June 14, 2006

The Tories lost Devil's Kitchen's vote #94

The Devil's Kitchen dissects William Hague's posturing over Europe. And it is posturing, like when Michael Howard said he wanted to repatriate fishing policy, Hague even admits it saying:
Question: won’t the treaties need to be renegotiated to secure a more flexible Europe?

Answer: In my speech I advocated reasserting national control over certain areas such as social and employment legislation that would require negotiation.
And any renegotiating is not going to go our way, and even if it did the new treaty would require the agreement of every single other member of the EU. Which is not going to happen, especially if Mr Hague gets his wish and somehow the new treaty contains anything anglo-saxon, since that would never get past France.

We are not going to get a better EU, that produces better regulation. However as Helen of EU Referendum points out we do not need either. What we need is less EU, and less regulation. Let people get on with their lives and the crazy, unstructured, random search of people freely interacting will produce more happiness than the cleverest regulatory scheme
The truth is that these people do not really understand what the problem is. They quite genuinely believe that the way the world, its politics and economy, its social and legal structures, can function is by regulation. There can be no other way. The trick is to find “better” regulation.

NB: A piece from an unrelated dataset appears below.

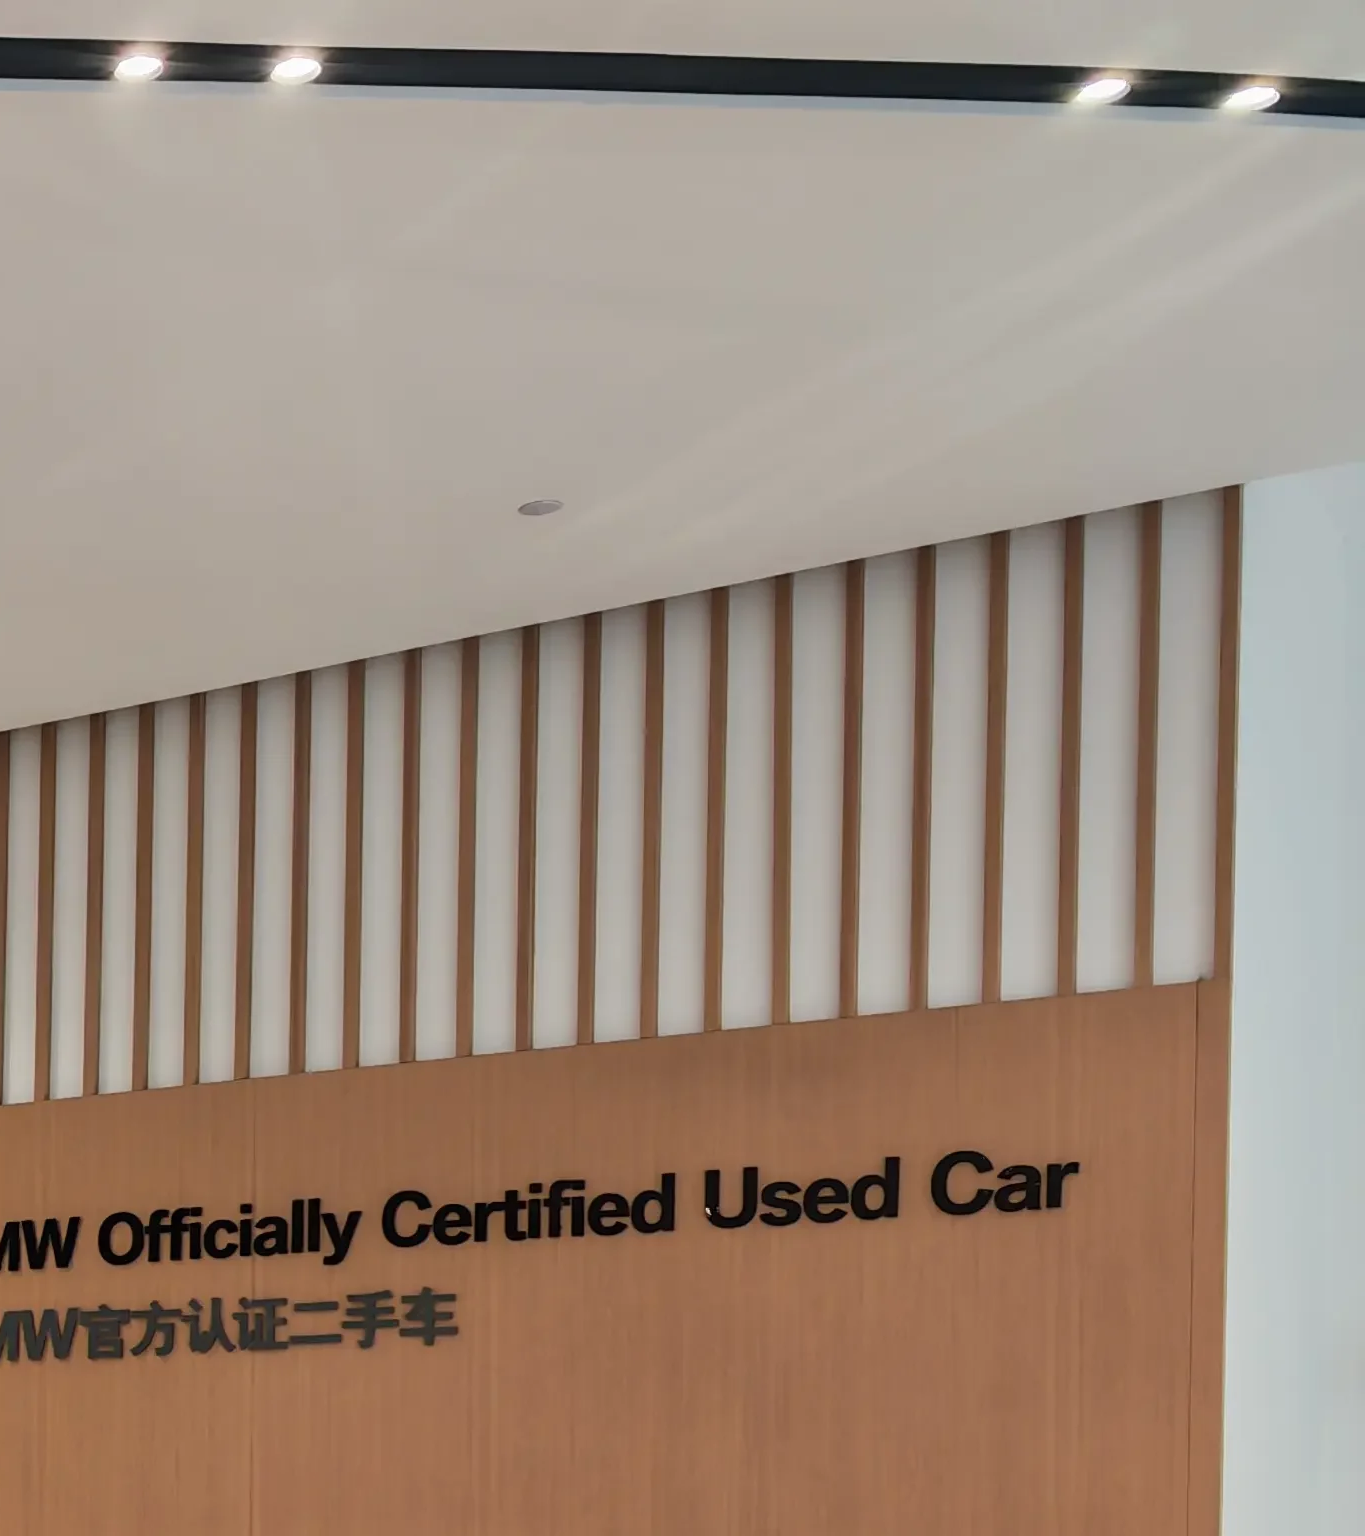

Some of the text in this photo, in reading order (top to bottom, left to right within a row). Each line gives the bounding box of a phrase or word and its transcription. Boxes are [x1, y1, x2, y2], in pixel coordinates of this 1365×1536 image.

[97, 1197, 362, 1266] Officially
[381, 1172, 676, 1248] Certified
[704, 1156, 901, 1229] Used
[930, 1150, 1080, 1216] Car

This is why they prefer managerial governance to political and why they are so greatly in favour of transnational organizations made up of bureaucrats and lawyers to the messiness of genuinely democratic politics and the free market, the most efficient economic structure but one that frightens those who like to have everything in boxes.


DK does make one small mistake:
back in 1975 we voted to stay within the European Economic Community, a free-trade area.
The EEC was never a free trade area. It was a Customs Union, like the Zollverein that proceeded the foundation of Germany. Britain left a free trade area, EFTA, in order to belong to the EEC.